## TASK DIRECTIONS
Wherever a picture appears, skip it and retype the rest of the data exactly.

(INFORMATION SHOWN)

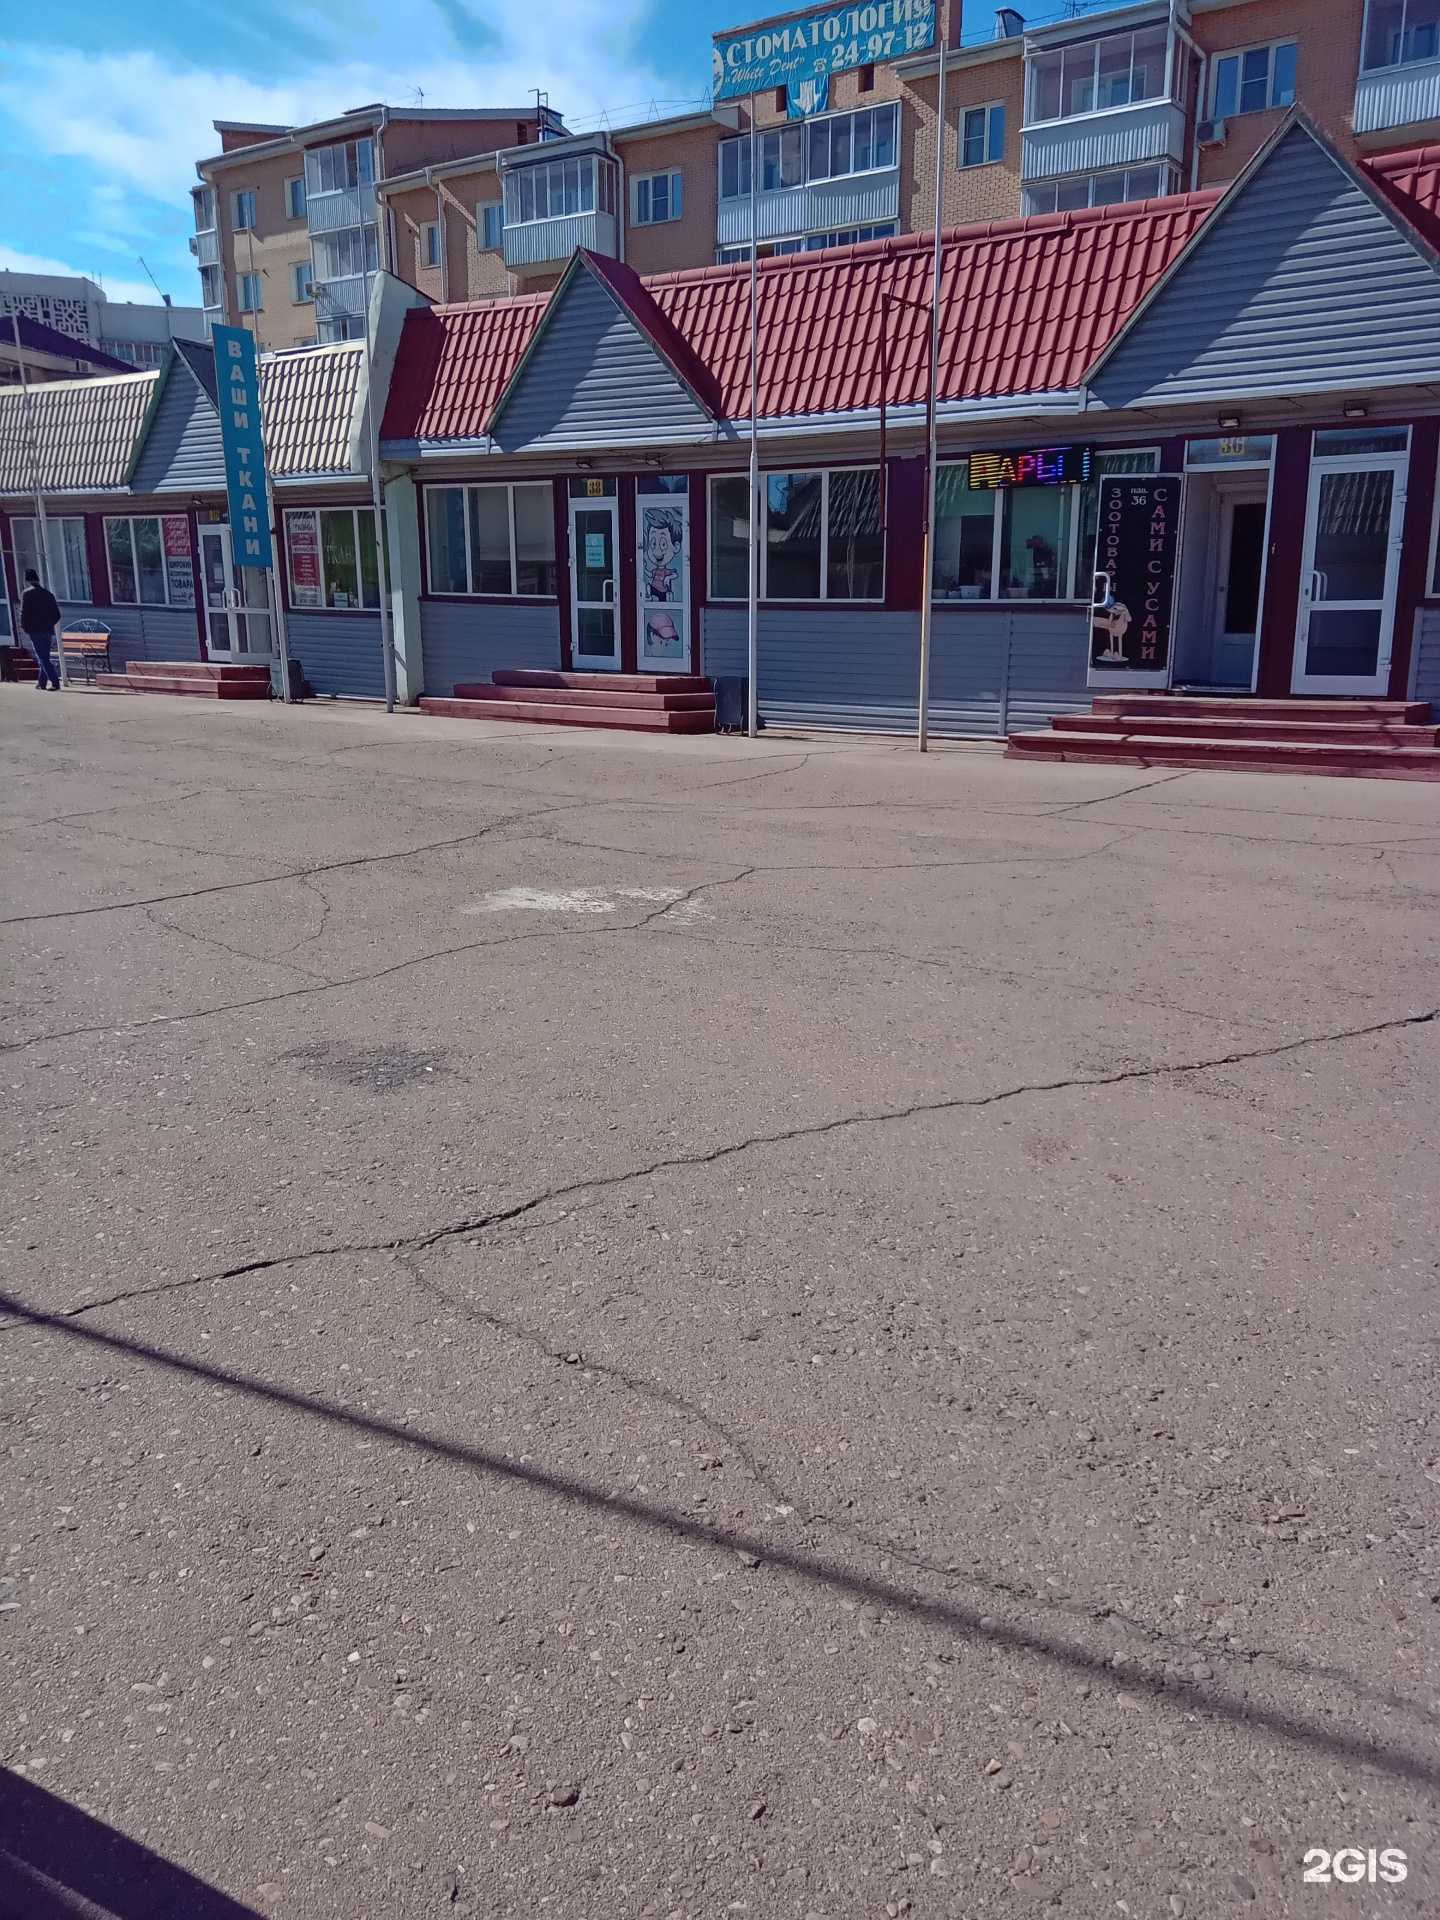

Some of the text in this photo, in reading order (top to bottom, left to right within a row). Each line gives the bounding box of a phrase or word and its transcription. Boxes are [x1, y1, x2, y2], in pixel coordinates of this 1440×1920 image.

[726, 0, 931, 67] СТОМАТОЛОГИЯ
[831, 22, 929, 67] 24-97-12
[227, 340, 261, 555] ВАШИ ТКАНИ
[587, 480, 602, 495] 38
[1130, 496, 1147, 506] 36
[1139, 488, 1168, 660] САМИ С УСАМИ

(End INFORMATION SHOWN)

## RESULT BELOW
Some of the text in this photo, in reading order (top to bottom, left to right within a row). Each line gives the bounding box of a phrase or word and its transcription. Boxes are [x1, y1, x2, y2], in pixel coordinates of this 1440×1920 image.

[726, 0, 931, 67] СТОМАТОЛОГИЯ
[831, 22, 929, 67] 24-97-12
[227, 340, 261, 555] ВАШИ ТКАНИ
[587, 480, 602, 495] 38
[1130, 496, 1147, 506] 36
[1139, 488, 1168, 660] САМИ С УСАМИ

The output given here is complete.